* [Instructions for the task]
Return all of the entries word for word, but omit the pictures they contain.

* [Data to examine]
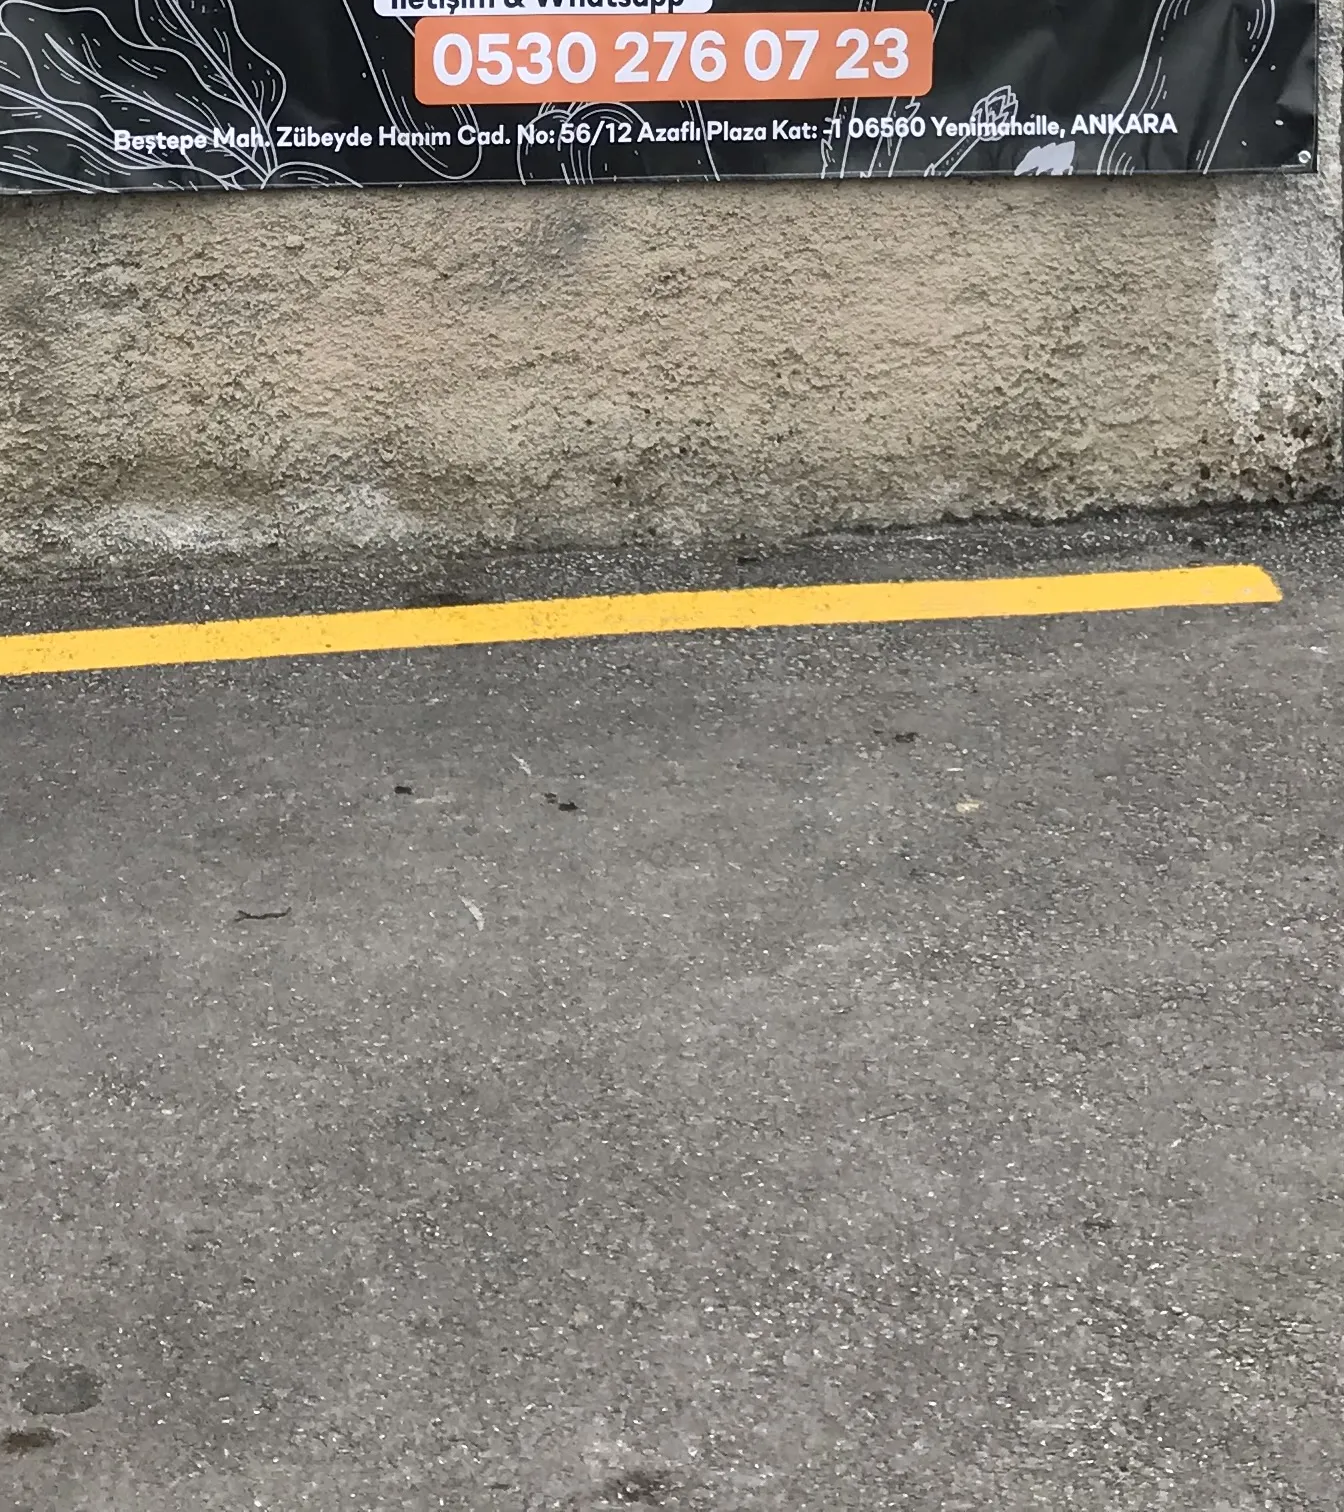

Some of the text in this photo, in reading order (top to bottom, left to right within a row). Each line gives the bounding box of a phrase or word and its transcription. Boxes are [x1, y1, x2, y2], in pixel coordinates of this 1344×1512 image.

[432, 27, 910, 86] 0530 276 07 23
[114, 129, 206, 154] Beştepe
[212, 127, 270, 148] Mah.
[276, 126, 372, 152] Zübeyde
[378, 126, 451, 147] Hanım
[457, 124, 511, 145] Cad.
[517, 124, 555, 145] No:
[560, 120, 632, 146] 56/12
[636, 119, 701, 143] Azaflı
[707, 119, 767, 142] Plaza
[772, 118, 818, 140] Kat:
[848, 116, 926, 138] 06560
[931, 114, 1066, 138] Yenimahalle,
[1071, 112, 1178, 135] ANKARA

* [Response]
Some of the text in this photo, in reading order (top to bottom, left to right within a row). Each line gives the bounding box of a phrase or word and its transcription. Boxes are [x1, y1, x2, y2], in pixel coordinates of this 1344×1512 image.

[432, 27, 910, 86] 0530 276 07 23
[114, 129, 206, 154] Beştepe
[212, 127, 270, 148] Mah.
[276, 126, 372, 152] Zübeyde
[378, 126, 451, 147] Hanım
[457, 124, 511, 145] Cad.
[517, 124, 555, 145] No:
[560, 120, 632, 146] 56/12
[636, 119, 701, 143] Azaflı
[707, 119, 767, 142] Plaza
[772, 118, 818, 140] Kat:
[848, 116, 926, 138] 06560
[931, 114, 1066, 138] Yenimahalle,
[1071, 112, 1178, 135] ANKARA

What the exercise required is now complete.